Another group of Japanese aircraft found the ENTERPRISE and her screen, steaming about 16 kilometers (10 miles) away from the HORNET and her escorts. Kincaid had again delayed in launching fighters, but the anti-aircraft fire from the American vessels was intense and effective. The battleship SOUTH DAKOTA had just returned to action after running aground in the Tongas in September, and during her repair in Pearl Harbor she'd been fitted with an array of 40-millimeter Bofors automatic cannon that could throw out rapid and heavy fire at attacking aircraft; the ENTERPRISE had similarly been fitted with Bofors guns. The proven 20-millimeter Oerlikon cannon carried by the ships of the task force also made life difficult for the attackers.

Two bombs hit the ENTERPRISE and a near-miss damaged a turbine bearing, but the carrier was not put out of action. By this time, American fighters were in the air to beat back further attacks, but the Japanese still managed to hit the SOUTH DAKOTA and the light cruiser SAN JUAN. Damage control on the injured vessels was disciplined and effective -- the SAN JUAN having had some good fortune in being hit by an armor-piercing bomb that actually punched all the way through it, without exploding. Unfortunately, a Japanese submarine put a torpedo into the destroyer PORTER, and there was no saving her; she was finished off by her mates, with most of the crew being rescued.

The HORNET was under tow when yet another Japanese strike wave pounded her. Saving the carrier was hopeless; it went down early the next morning, being given the final blow by four torpedoes fired from Japanese destroyers. No doubt the IJN, remembering the HORNET's role in the Doolittle raid on Tokyo in March, enjoyed the revenge. Later, the US Navy would assign powerful tugs to fleet task forces to ensure that vessels crippled in the fighting would be towed out of harm's way much more quickly.

The fourth naval battle of Guadalcanal, the "Battle of Santa Cruz", was a clear American defeat. The Japanese had once again got the better of the US Navy, sinking a carrier and a destroyer, while damaging another carrier, a cruiser, and a destroyer. The Americans put three Japanese warships out of fighting condition, though all three would return to service. However, the IJN had not been able to inflict decisive injuries on the US Navy, and had not been able to influence the Battle of Henderson Field in Japan's favor. The IJN also lost about 100 aircraft and crews, in comparison to 74 lost by the Americans -- while many Japanese planes were lost to American fighters, US Navy anti-aircraft fire was also more intense and accurate than it had been to that time. The Japanese could not afford to lose so many trained airmen, while the Americans could replace their losses quickly.

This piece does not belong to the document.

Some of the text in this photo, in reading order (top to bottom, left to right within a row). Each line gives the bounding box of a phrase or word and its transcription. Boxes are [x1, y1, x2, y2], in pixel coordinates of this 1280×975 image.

The US Navy assessed the damage inflicted on the IJN with reasonable accuracy; the loss of the HORNET was announced to the American public. Nimitz, reflecting on the situation in the Guadalcanal theatre a few days later, with characteristic prudence judged circumstances "not unfavorable" to the American cause. US forces there were holding their own, the supply line was unbroken and getting stronger; given reinforcement as well as experience, the Americans were likely to do better in the future. Things were looking, if not sunny, much brighter than they had only about a week earlier.

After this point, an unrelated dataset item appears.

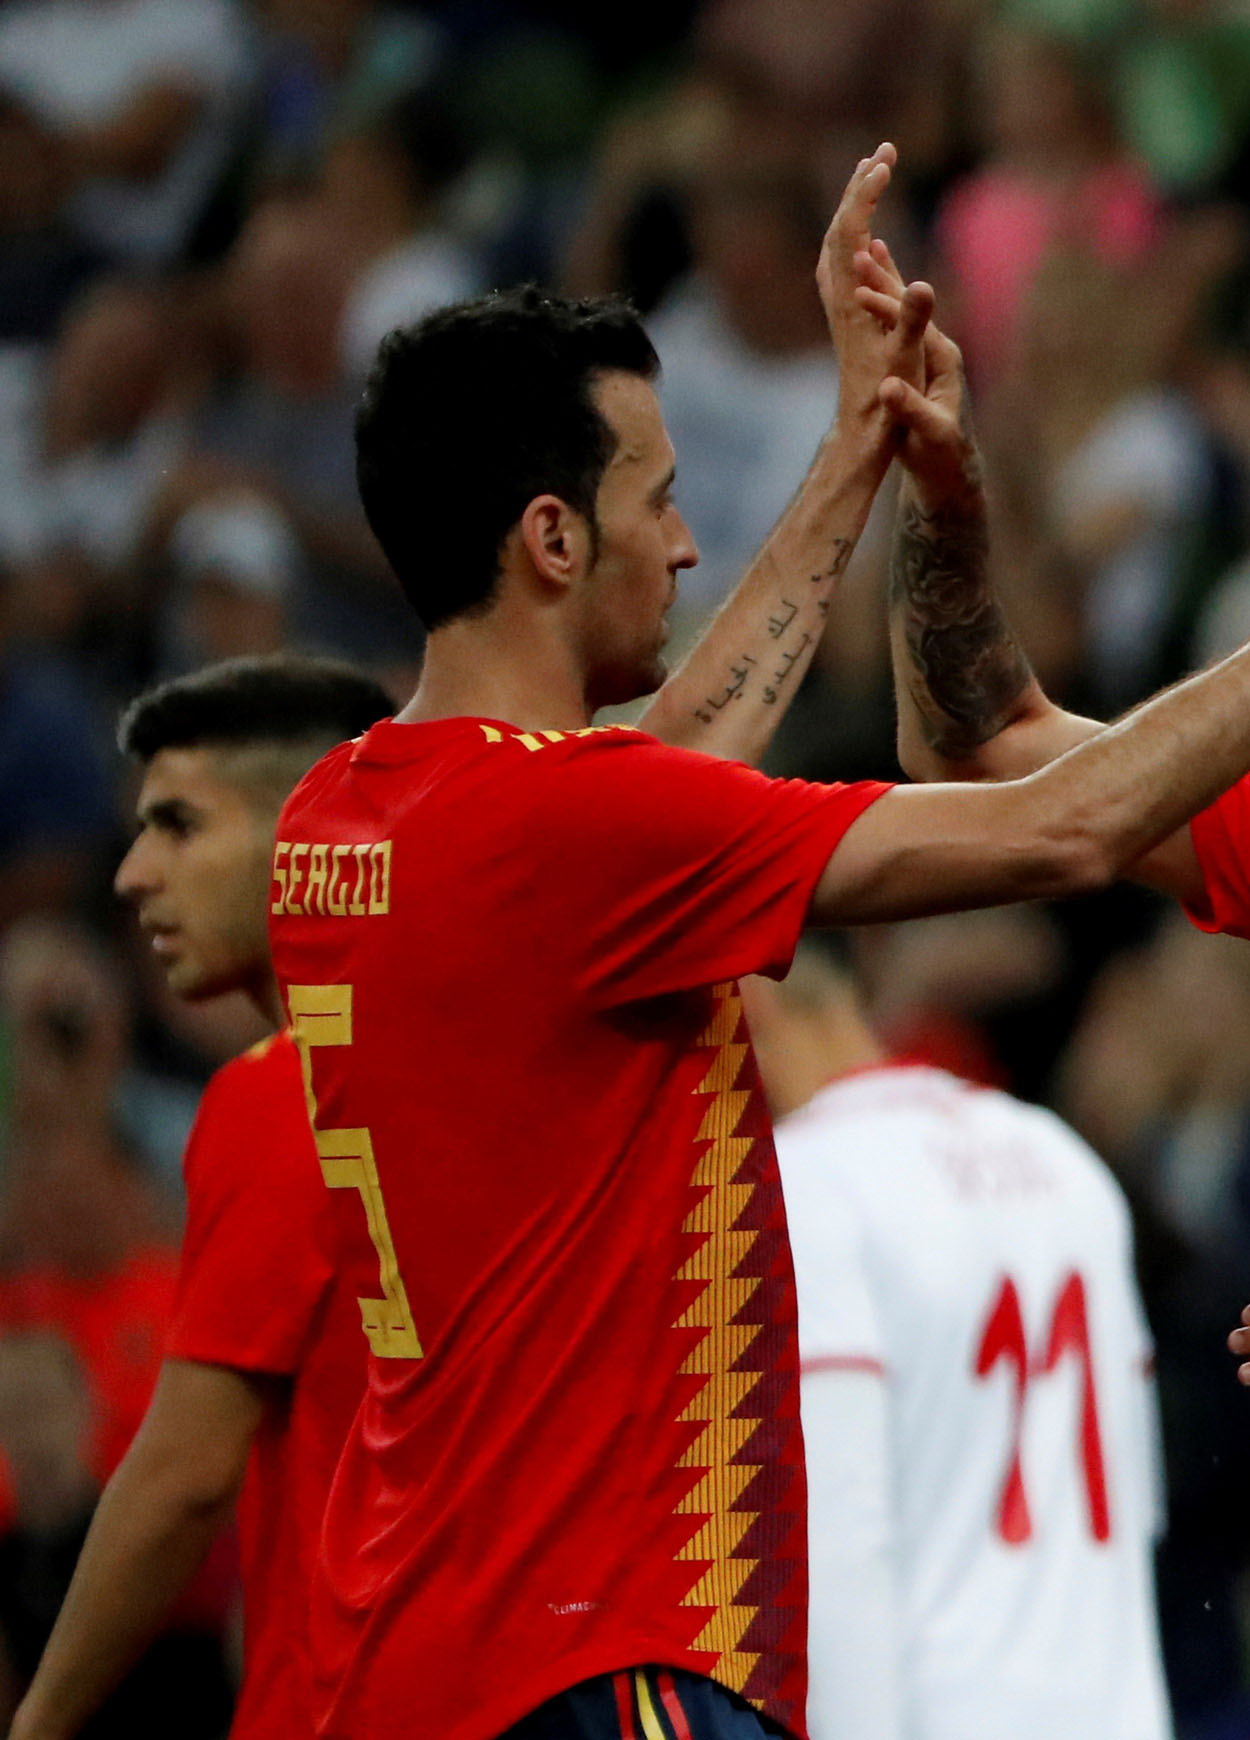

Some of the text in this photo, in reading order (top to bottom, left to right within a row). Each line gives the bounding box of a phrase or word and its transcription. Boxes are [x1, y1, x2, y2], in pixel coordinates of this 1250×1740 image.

[272, 840, 392, 916] SERGIO
[288, 984, 425, 1359] 5
[974, 1268, 1111, 1544] 11

The vision on the Japanese side was more muddled. Confused and overoptimistic reports filtered up to IJN headquarters, with the high command believing the American fleet had been wiped out. Despite this exuberance, the failure of the Maruyama attack convinced Admiral Yamamoto, who was wise enough to take grand reports of damage inflicted on the enemy with a grain of salt, that the battle for Guadalcanal was lost. The Americans were stronger than the Japanese on the island, and Yamamoto could perceive how the American grasp on the island was continuing to grow stronger, while the Japanese grasp kept slipping.

In a sense, the IJN had also shot its bolt; IJN carriers would not be involved in any further actions in the struggle for Guadalcanal. Yamamoto was no longer seeking the "decisive battle" so close to the hearts of IJN admirals. That didn't mean the naval fighting was over by any means; in fact, it was about to reach a crescendo.